Abstract

Partition coefficients between rutile and silicate melts were determined experimentally for Nb and Ta with melt compositions varying from rhyolite to basalt. Experimental conditions were 1.7–2.5 GPa, 950–1300 °C, at oxygen fugacities between QFM−2 and QFM+3.5. Both rt/melt D Nb and rt/melt D Ta increase by almost one order of magnitude with SiO 2 content and polymerization, but decrease with TiO 2 content in the melt. The ratio rt/melt D Nb/ D Ta is 0.45–0.55 for basaltic melt compositions, around 0.6 for andesitic melts and 0.8–1.0 for more silicic melts, remaining ≤1 for all examined silicate melts.
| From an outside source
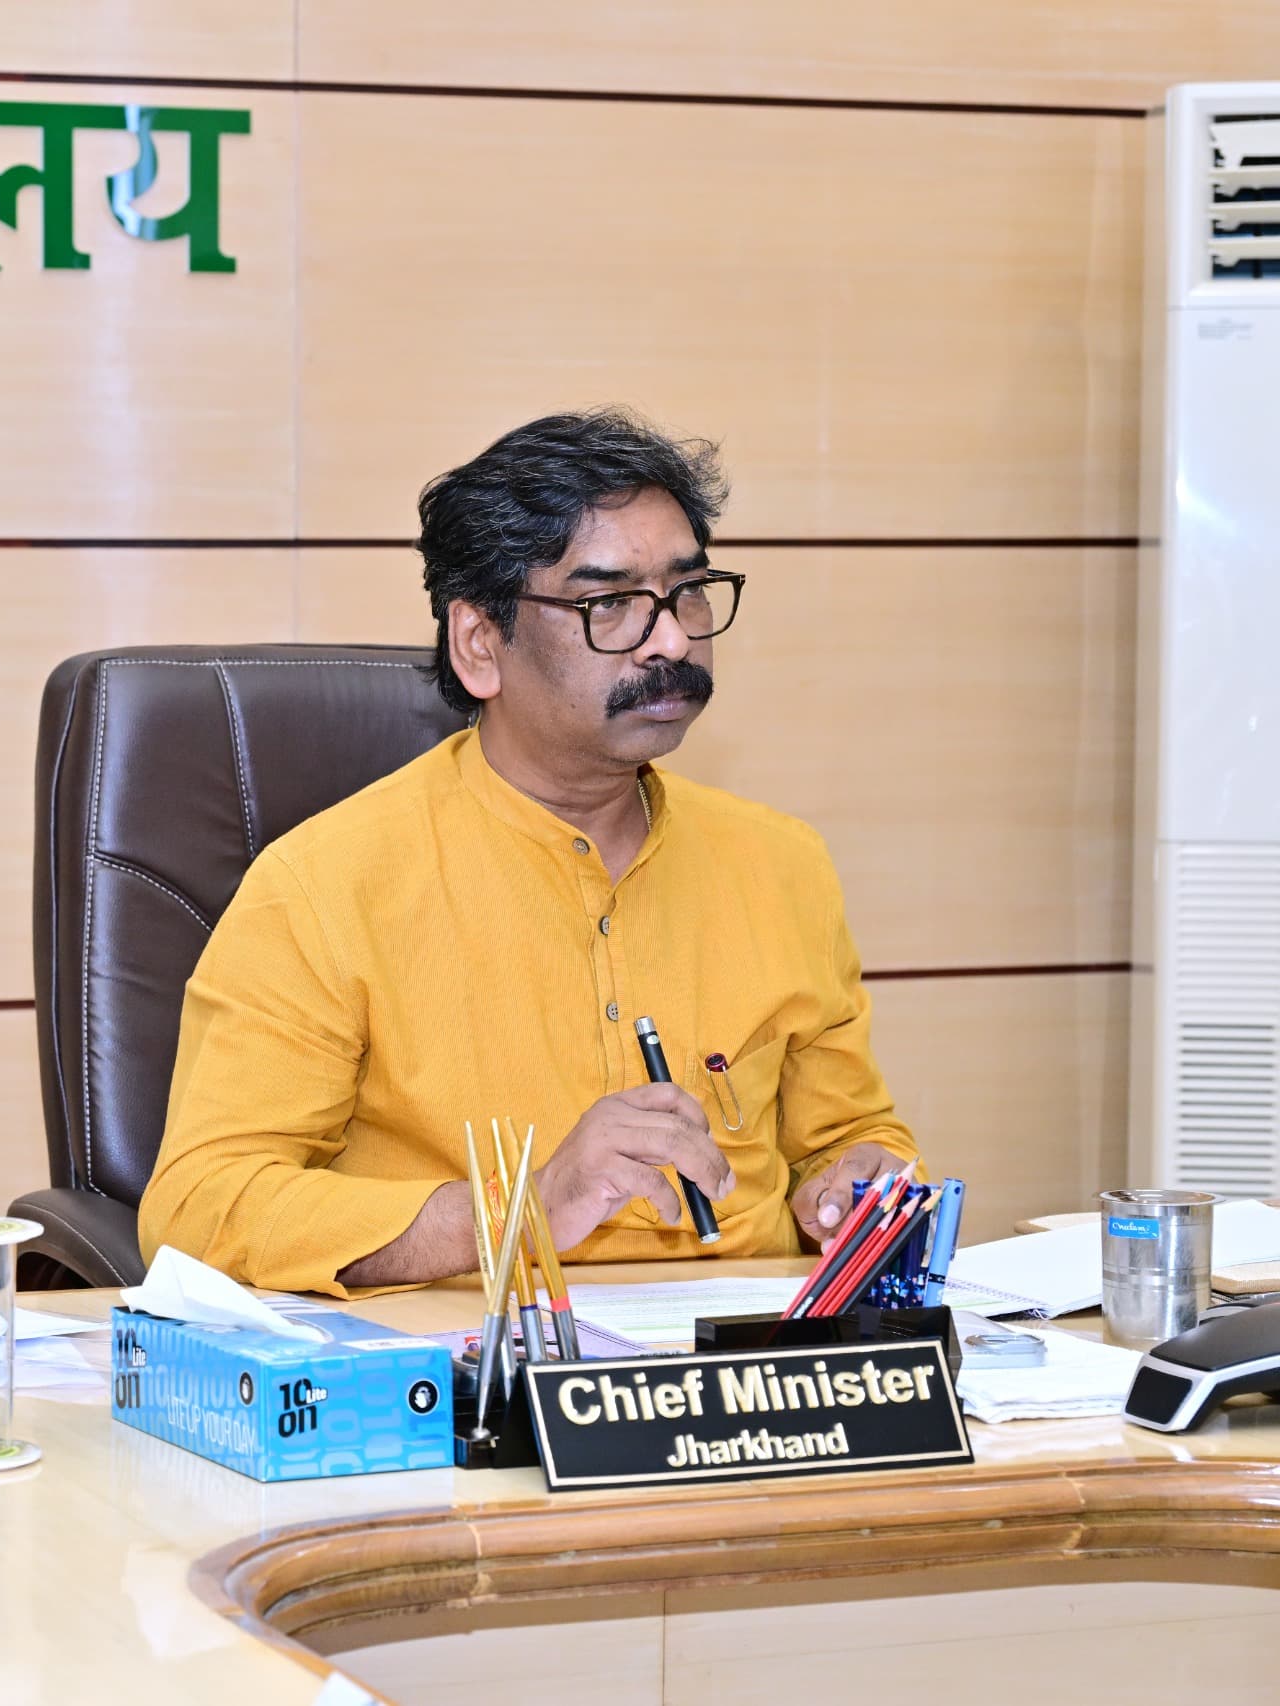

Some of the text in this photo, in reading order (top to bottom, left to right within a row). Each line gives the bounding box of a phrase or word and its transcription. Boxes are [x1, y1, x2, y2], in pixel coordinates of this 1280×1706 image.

[279, 1378, 328, 1411] 10 Lite
[558, 1359, 935, 1426] Chief Minister
[666, 1422, 849, 1468] Jharkhand
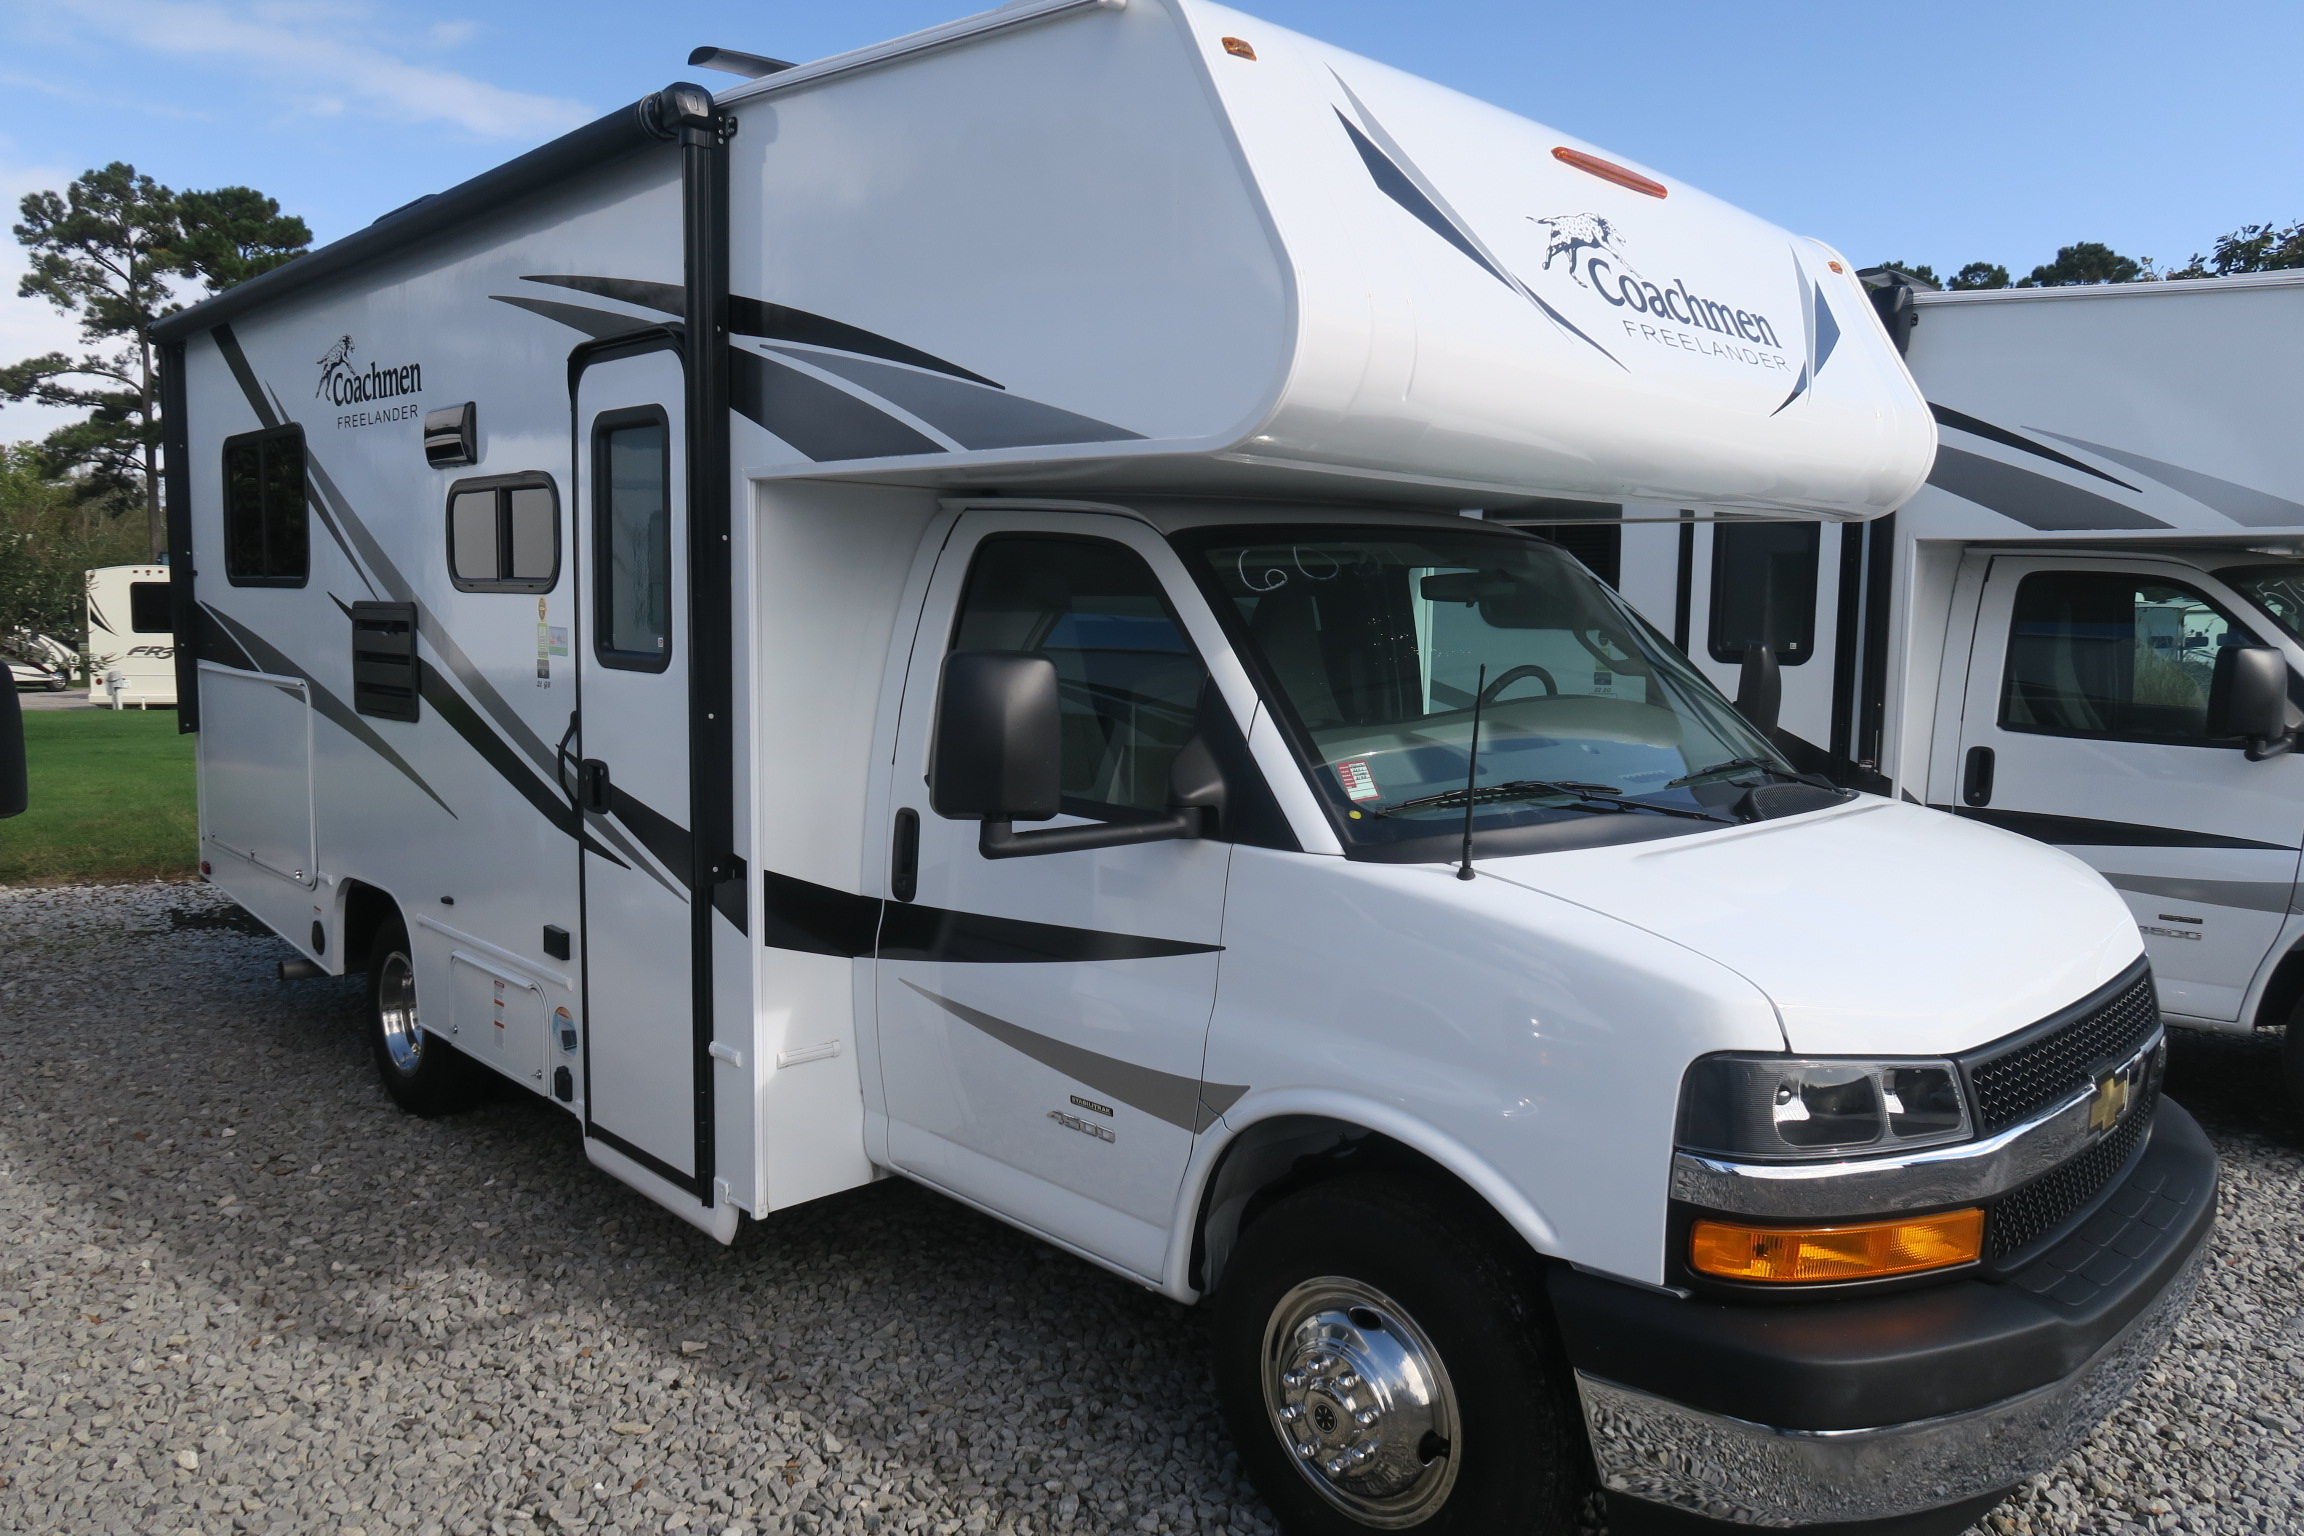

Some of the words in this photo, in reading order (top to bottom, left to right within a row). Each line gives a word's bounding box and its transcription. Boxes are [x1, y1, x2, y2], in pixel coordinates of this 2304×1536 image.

The fact that rt/melt D Nb/ D Ta is smaller than unity can be explained by a slightly smaller ionic radius of Ta 5+ than Nb 5+ and thus a preferred incorporation of Ta into rutile. The variation of rt/melt D Nb, rt/melt D Ta, and rt/melt D Nb/ D Ta strongly depends on melt composition without any significant correlation with rutile composition. The strong positive correlation of rt/melt D Nb and rt/melt D Ta with rt/melt D Ti and SiO 2 contents is explained with the decreasing solubility of high charge cations in an increasingly polymerized melt where the concentration of non-bridging oxygens decreases. The positive correlation of rt/melt D Nb/ D Ta with rt/melt D Ti and SiO 2 contents is more difficult to understand and might be related to the higher polarizibility of Nb 5+ compared to Ta 5+. Magmas resulting from slab melting with residual rutile are slightly Nb-enriched relative to Ta and do not explain the subchondritic Nb/Ta ratio of continental crust. Rutile in the residue during partial melting or dehydration of subducting crust is not capable of significantly enriching Nb over Ta in the residue. Excluding residual rutile as a reason for high Nb/Ta reservoirs outsources this problem to either partial melting of low-Mg amphibolite or metasomatic Nb-enrichment of rutile-bearing eclogite-lenses in the source region of kimberlites. However, both of these processes cannot produce Nb-enriched reservoirs sufficiently large to balance the silicate Earth's Nb/Ta ratio to chondritic, thus, this study supports previous suggestions that the “missing” Nb is stored in the core.